**The data:**

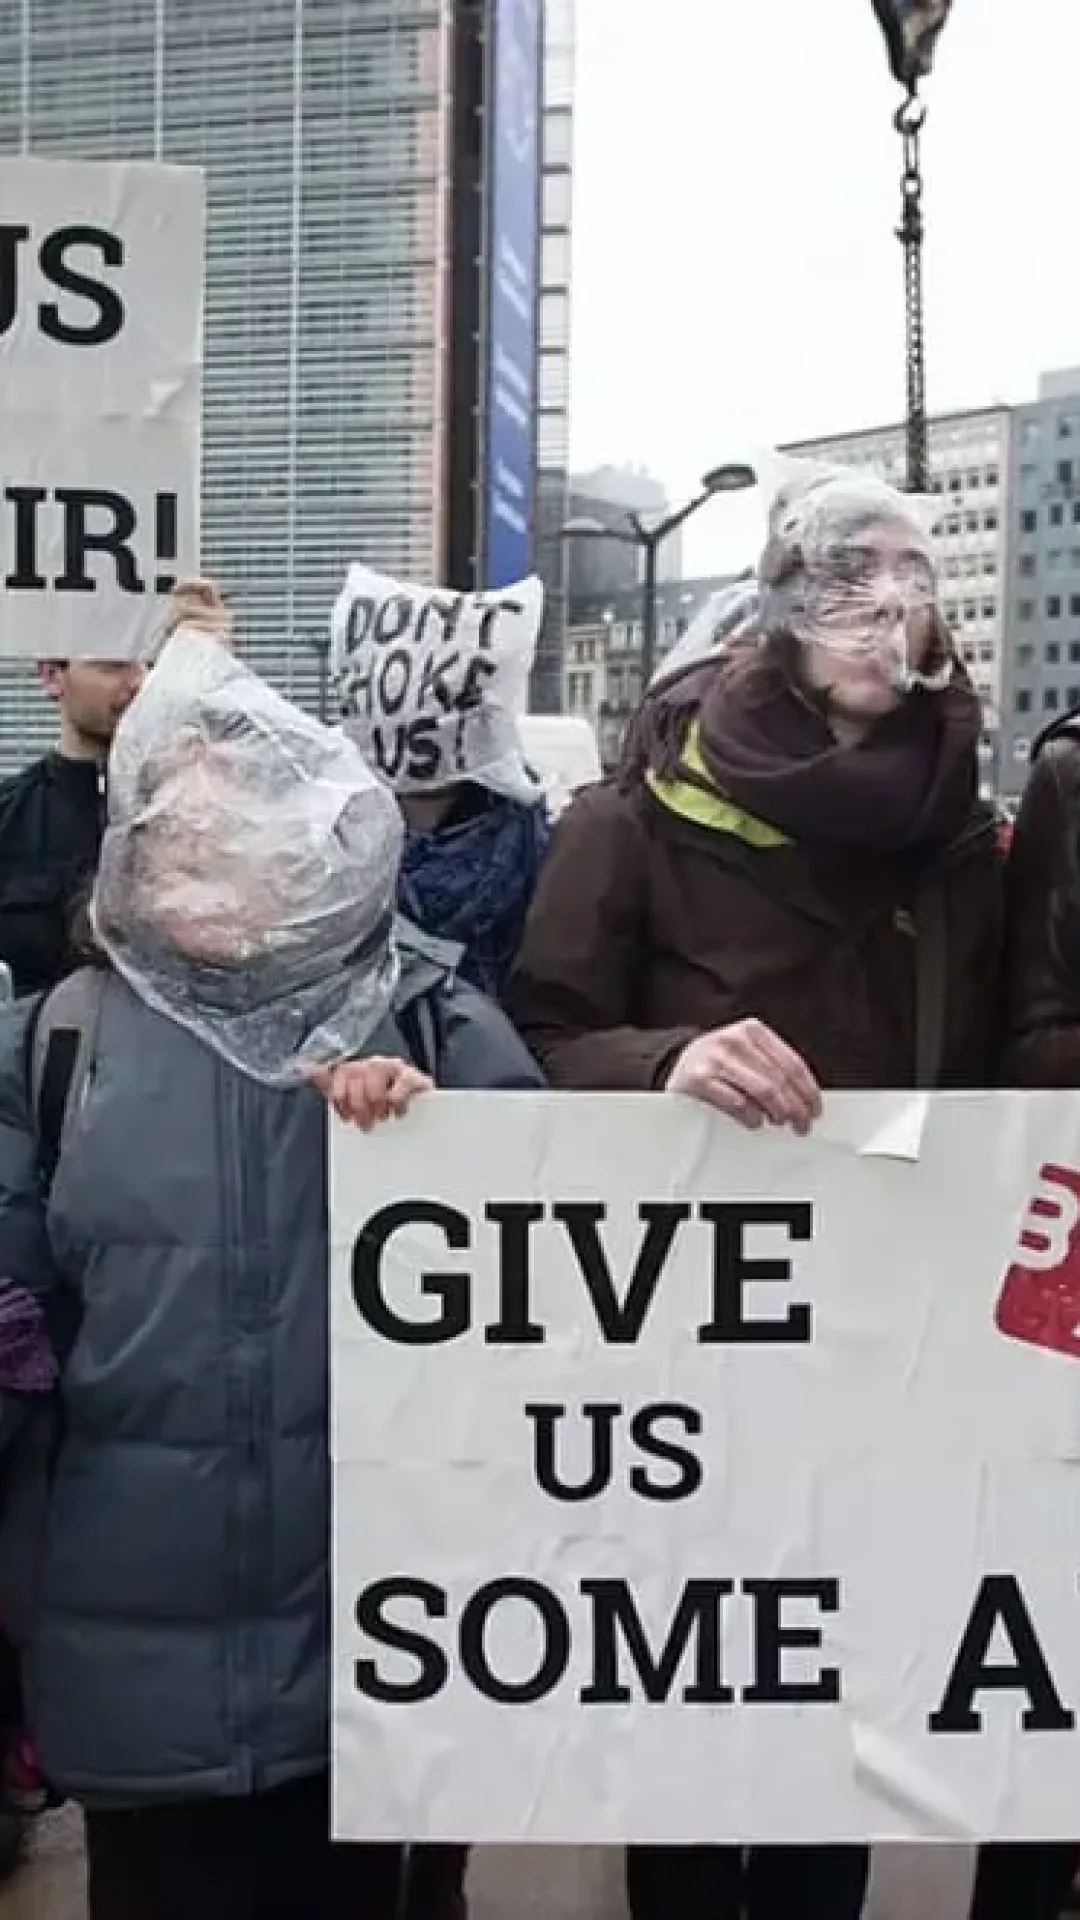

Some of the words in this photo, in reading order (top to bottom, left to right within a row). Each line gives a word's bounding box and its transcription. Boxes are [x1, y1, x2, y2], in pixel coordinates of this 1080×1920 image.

[0, 225, 125, 346] S
[4, 486, 178, 595] IR!
[350, 1200, 812, 1344] GIVE
[525, 1403, 702, 1501] US
[355, 1577, 841, 1704] SOME
[928, 1574, 1079, 1732] A
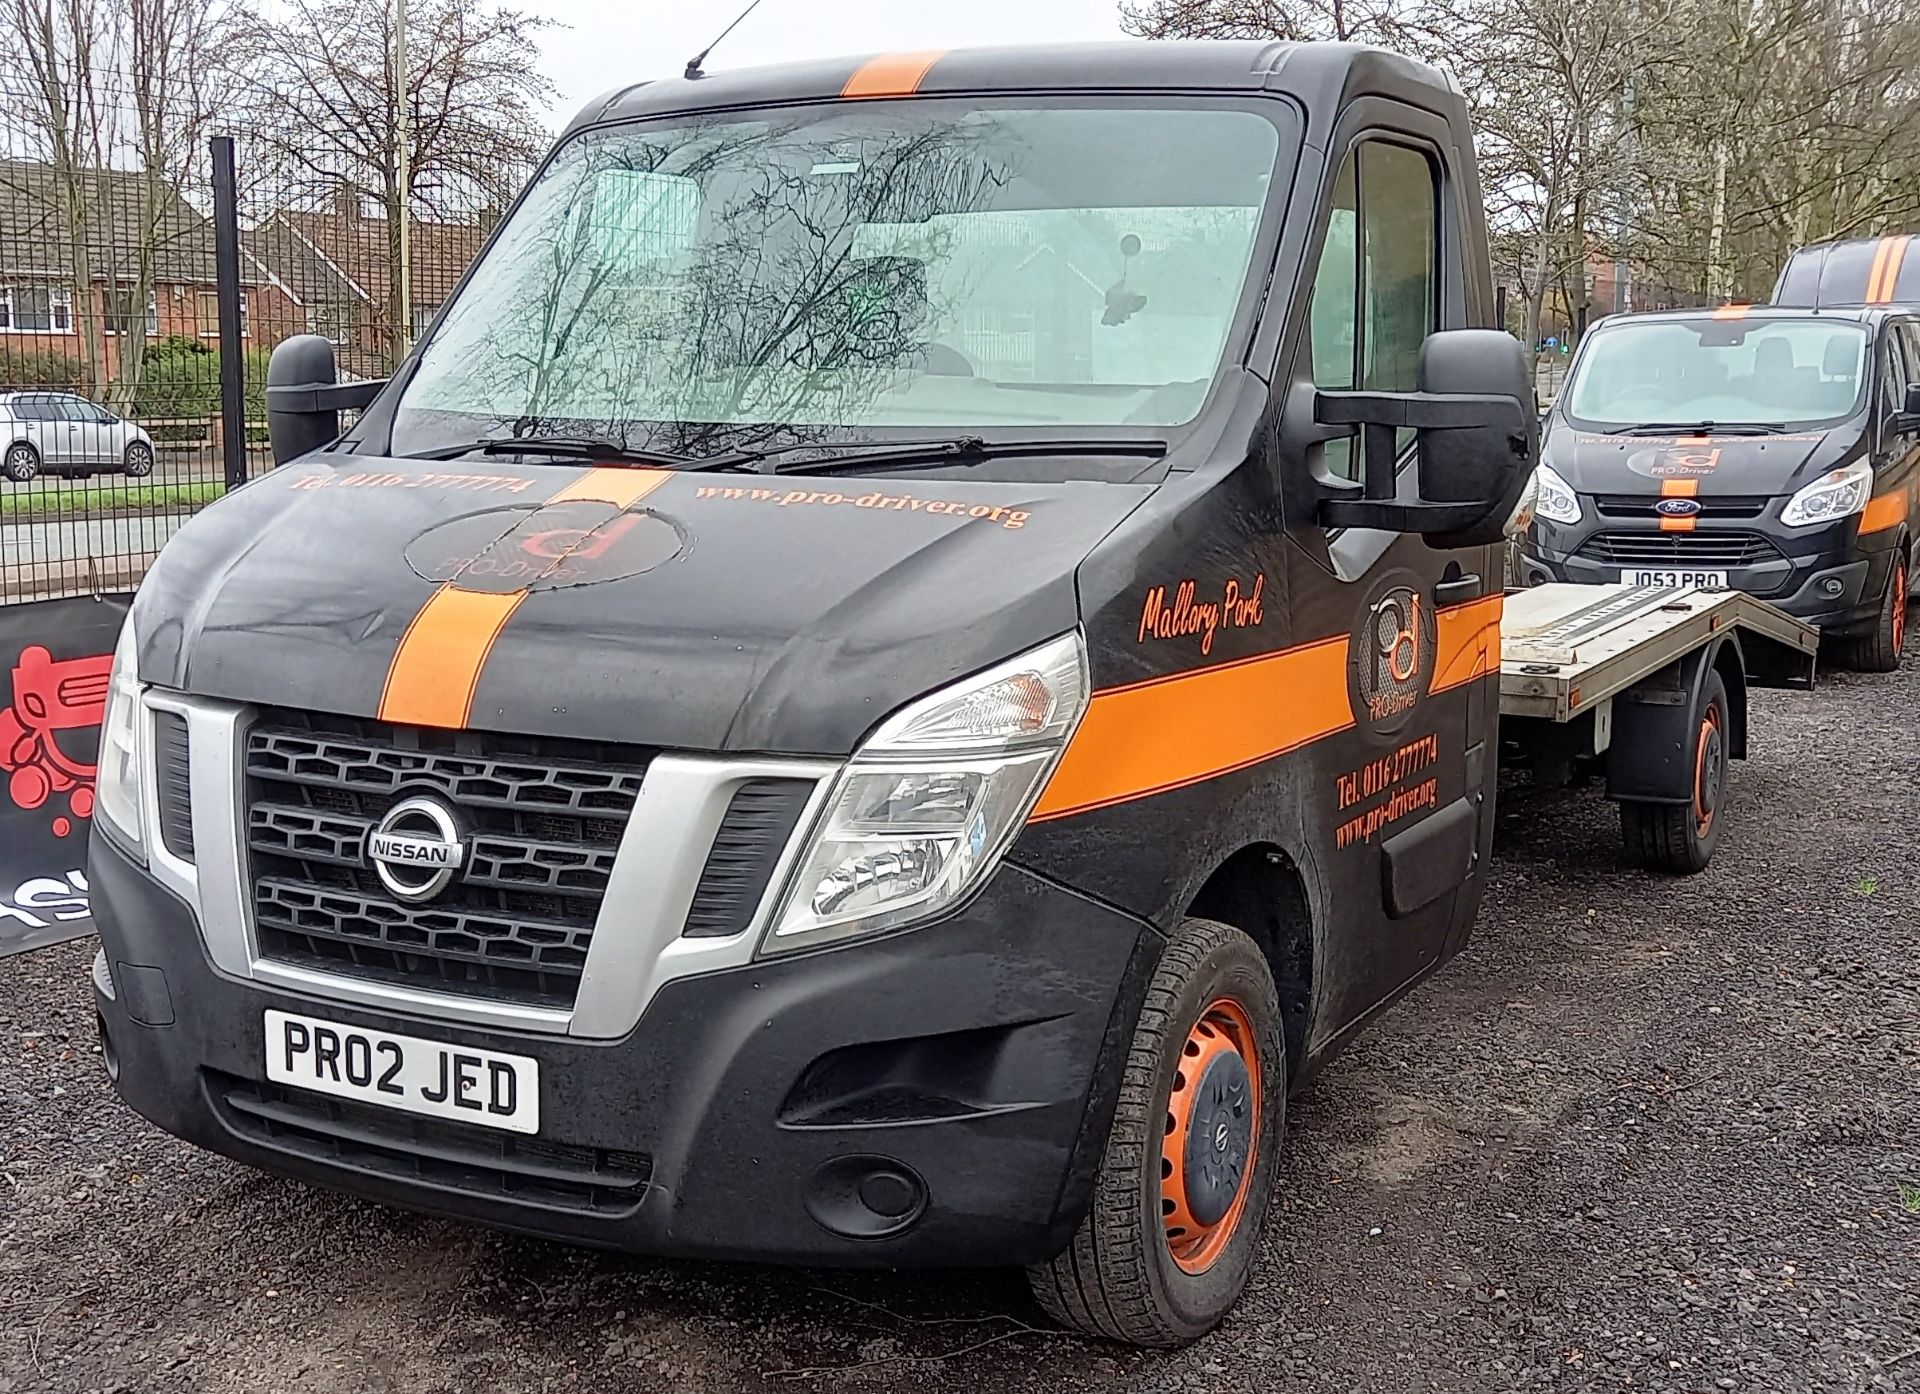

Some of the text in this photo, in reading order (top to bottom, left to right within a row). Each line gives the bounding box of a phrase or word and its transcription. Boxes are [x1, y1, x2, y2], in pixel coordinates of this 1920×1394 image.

[289, 473, 338, 490] Tel.
[338, 473, 408, 488] 0116
[1650, 466, 1717, 475] PRO-Driver
[695, 486, 1032, 530] www.pro-driver.org
[1664, 501, 1692, 512] Ford
[1681, 573, 1719, 589] PRO
[1137, 573, 1264, 656] Mallory Park
[1369, 690, 1418, 722] PRO-Driver
[1336, 732, 1437, 811] Tel. 0116 2777774
[1335, 778, 1437, 851] www.pro-driver.org
[373, 839, 448, 863] NISSAN
[420, 1050, 517, 1117] JED

**Your instructions:** Reproduce the whole listing above word for word, but not its pictures.

**Solved problem:**
Some of the words in this photo, in reading order (top to bottom, left to right within a row). Each line gives a word's bounding box and its transcription. Boxes are [x1, y1, x2, y2], in pixel coordinates of this 1080×1920 image.

[0, 225, 125, 346] S
[4, 486, 178, 595] IR!
[350, 1200, 812, 1344] GIVE
[525, 1403, 702, 1501] US
[355, 1577, 841, 1704] SOME
[928, 1574, 1079, 1732] A

Some of the text in this photo, in reading order (top to bottom, left to right within a row). Each line gives the bounding box of a phrase or word and its transcription. Boxes are [x1, y1, x2, y2], in pixel coordinates of this 1920×1394 image.

[289, 473, 338, 490] Tel.
[338, 473, 408, 488] 0116
[1650, 466, 1717, 475] PRO-Driver
[695, 486, 1032, 530] www.pro-driver.org
[1664, 501, 1692, 512] Ford
[1681, 573, 1719, 589] PRO
[1137, 573, 1264, 656] Mallory Park
[1369, 690, 1418, 722] PRO-Driver
[1336, 732, 1437, 811] Tel. 0116 2777774
[1335, 778, 1437, 851] www.pro-driver.org
[373, 839, 448, 863] NISSAN
[420, 1050, 517, 1117] JED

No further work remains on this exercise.